[What is being asked] Once the pictures are set aside, copy the records below exactly as they stand.

[Data records]
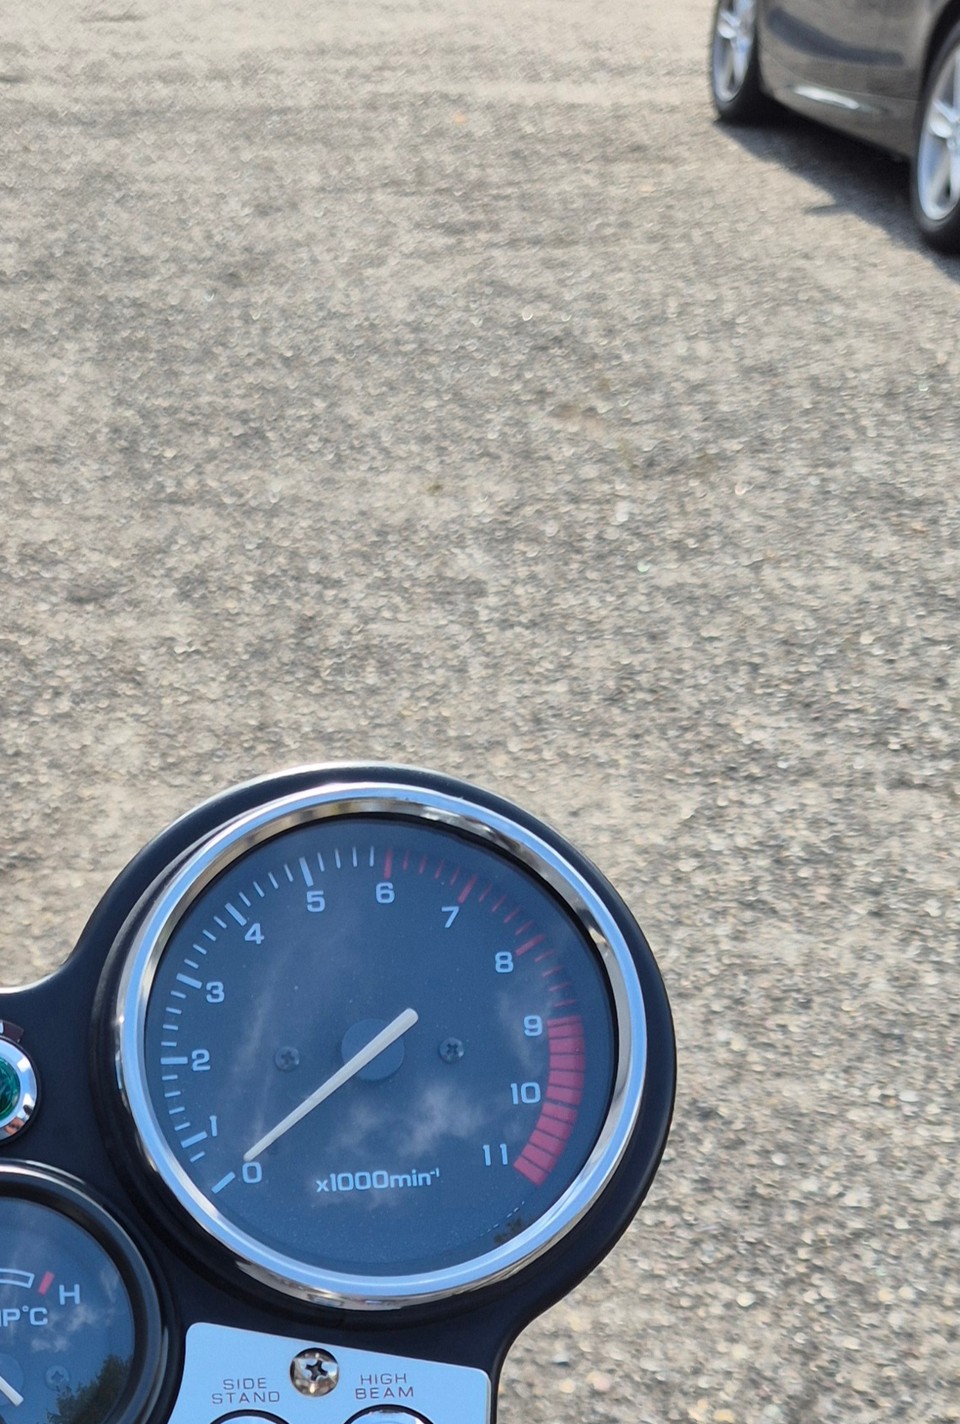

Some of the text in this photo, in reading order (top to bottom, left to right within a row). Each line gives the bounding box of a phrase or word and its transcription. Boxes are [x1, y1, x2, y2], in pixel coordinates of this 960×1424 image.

[307, 891, 325, 911] 5
[375, 883, 395, 904] 6
[441, 906, 459, 928] 7
[245, 924, 264, 944] 4
[494, 952, 513, 973] 8
[206, 982, 224, 1002] 3
[524, 1016, 542, 1036] 9
[191, 1049, 210, 1070] 2
[511, 1082, 540, 1104] 10
[210, 1116, 218, 1136] 1
[483, 1143, 508, 1166] 11
[243, 1162, 262, 1183] 0
[59, 1285, 80, 1305] H
[223, 1377, 267, 1390] SIDE
[360, 1373, 407, 1386] HIGH
[211, 1391, 280, 1404] STAND
[355, 1386, 414, 1399] BEAM
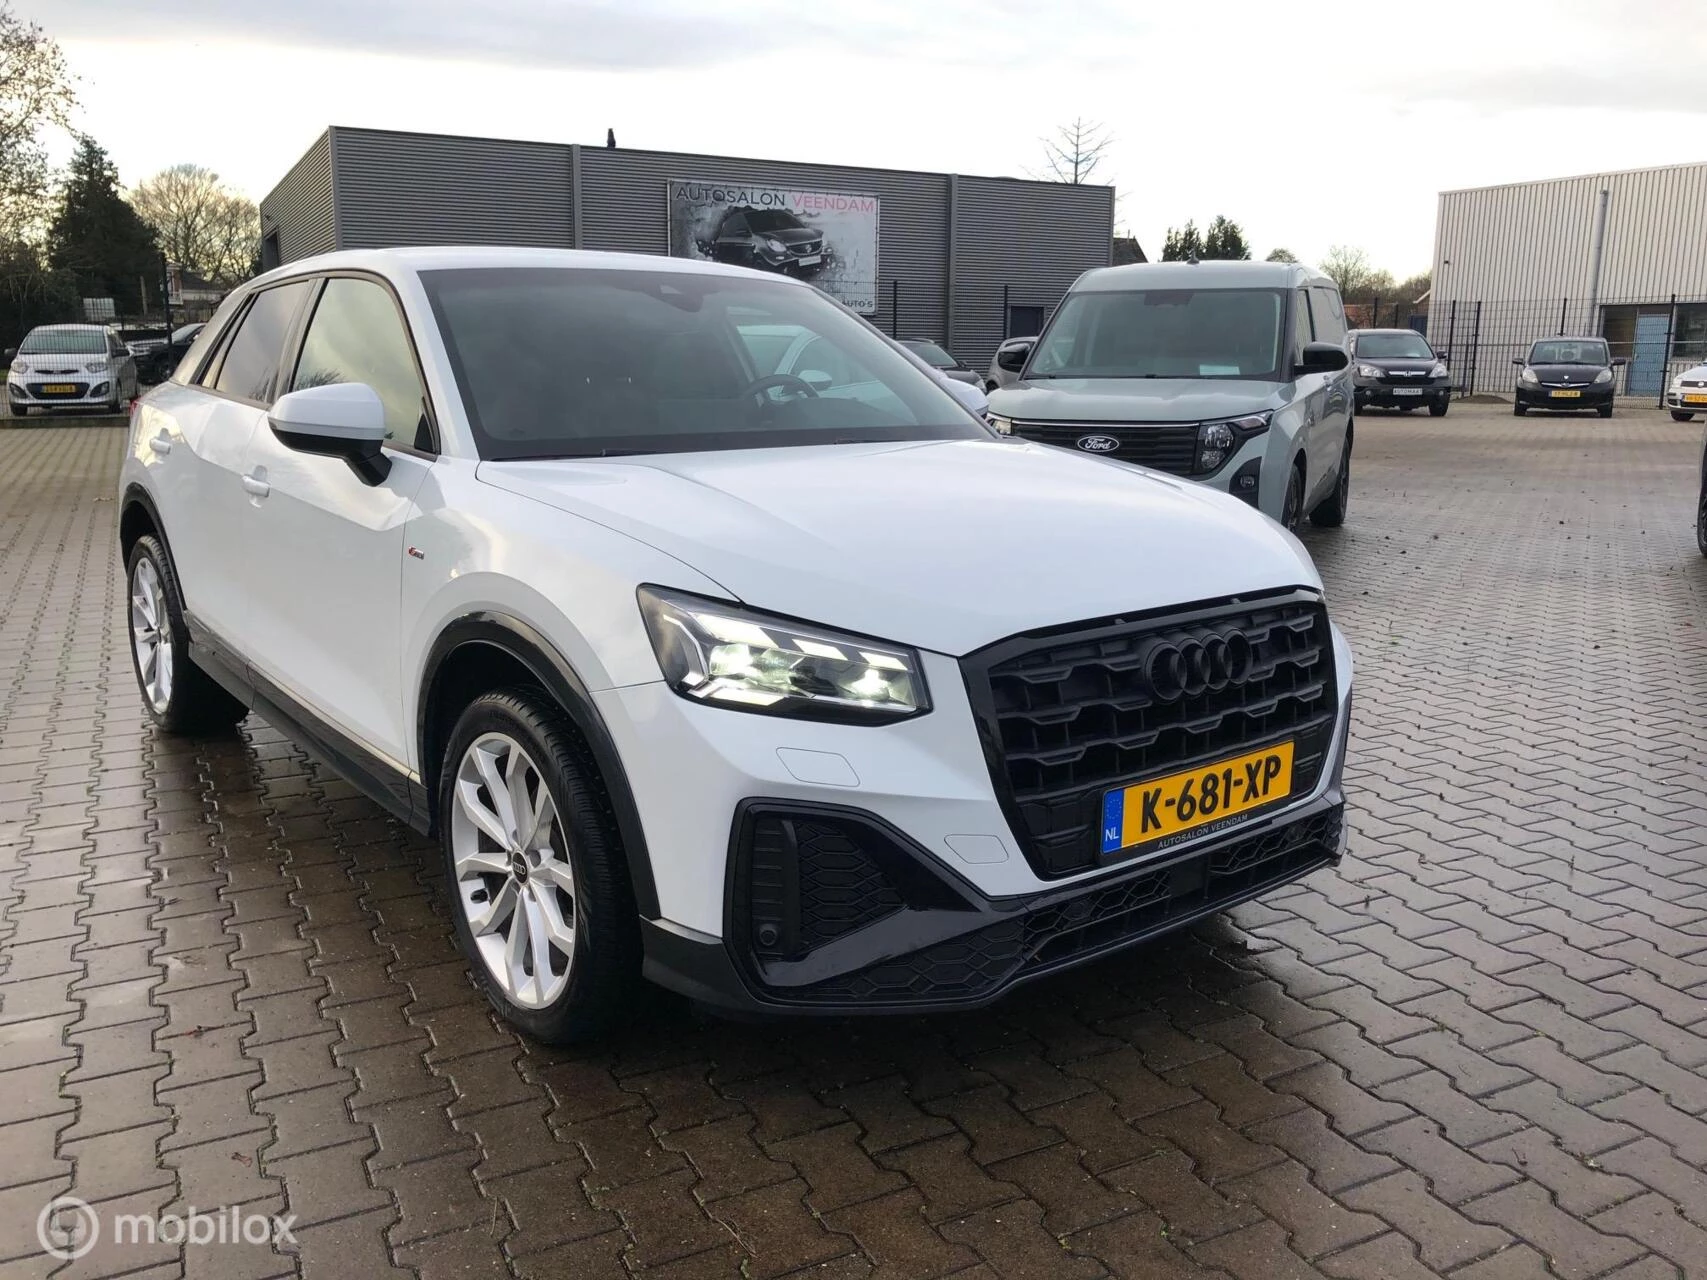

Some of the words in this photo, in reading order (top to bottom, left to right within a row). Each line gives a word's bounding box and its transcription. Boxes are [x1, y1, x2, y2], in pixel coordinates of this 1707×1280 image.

[676, 187, 785, 206] AUTOSALON
[792, 194, 874, 212] VEENDAM
[1084, 438, 1112, 450] Ford
[1141, 754, 1282, 834] K-681-XP
[1105, 827, 1119, 842] NL
[1157, 827, 1210, 849] AUTOSALON
[1211, 813, 1248, 832] VEENDAM
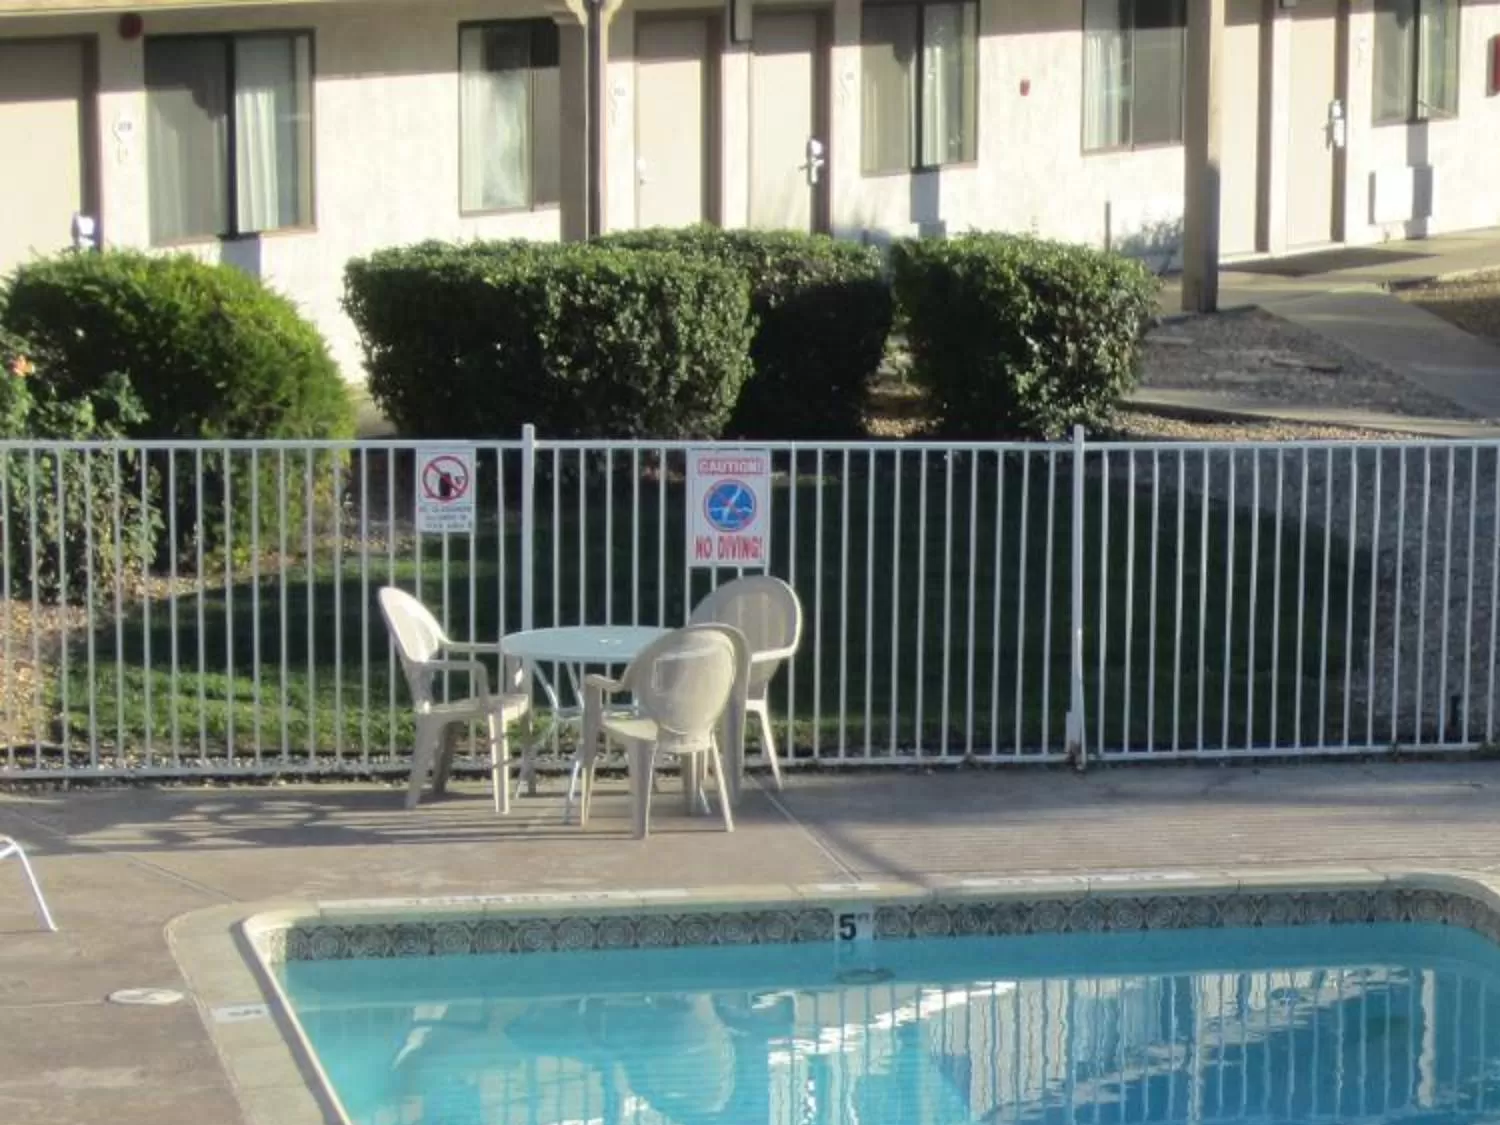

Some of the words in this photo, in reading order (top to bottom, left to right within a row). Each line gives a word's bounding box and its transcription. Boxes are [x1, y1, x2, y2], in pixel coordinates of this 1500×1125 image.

[695, 535, 713, 560] NO
[717, 535, 764, 561] DIVING!
[839, 912, 858, 942] 5

[Answer below]
Some of the text in this photo, in reading order (top to bottom, left to right within a row). Each line gives the bounding box of a phrase or word and its transcription. Boxes are [x1, y1, x2, y2], in pixel coordinates of this 960×1424 image.

[307, 891, 325, 911] 5
[375, 883, 395, 904] 6
[441, 906, 459, 928] 7
[245, 924, 264, 944] 4
[494, 952, 513, 973] 8
[206, 982, 224, 1002] 3
[524, 1016, 542, 1036] 9
[191, 1049, 210, 1070] 2
[511, 1082, 540, 1104] 10
[210, 1116, 218, 1136] 1
[483, 1143, 508, 1166] 11
[243, 1162, 262, 1183] 0
[59, 1285, 80, 1305] H
[223, 1377, 267, 1390] SIDE
[360, 1373, 407, 1386] HIGH
[211, 1391, 280, 1404] STAND
[355, 1386, 414, 1399] BEAM

Some of the words in this photo, in reading order (top to bottom, left to right within a row). Each line gives a word's bounding box and its transcription. Boxes are [x1, y1, x2, y2], in pixel coordinates of this 1707×1280 image.

[676, 187, 785, 206] AUTOSALON
[792, 194, 874, 212] VEENDAM
[1084, 438, 1112, 450] Ford
[1141, 754, 1282, 834] K-681-XP
[1105, 827, 1119, 842] NL
[1157, 827, 1210, 849] AUTOSALON
[1211, 813, 1248, 832] VEENDAM

Some of the words in this photo, in reading order (top to bottom, left to right within a row). Each line gives a word's bounding box and its transcription. Boxes are [x1, y1, x2, y2], in pixel coordinates of this 1500×1125 image.

[695, 535, 713, 560] NO
[717, 535, 764, 561] DIVING!
[839, 912, 858, 942] 5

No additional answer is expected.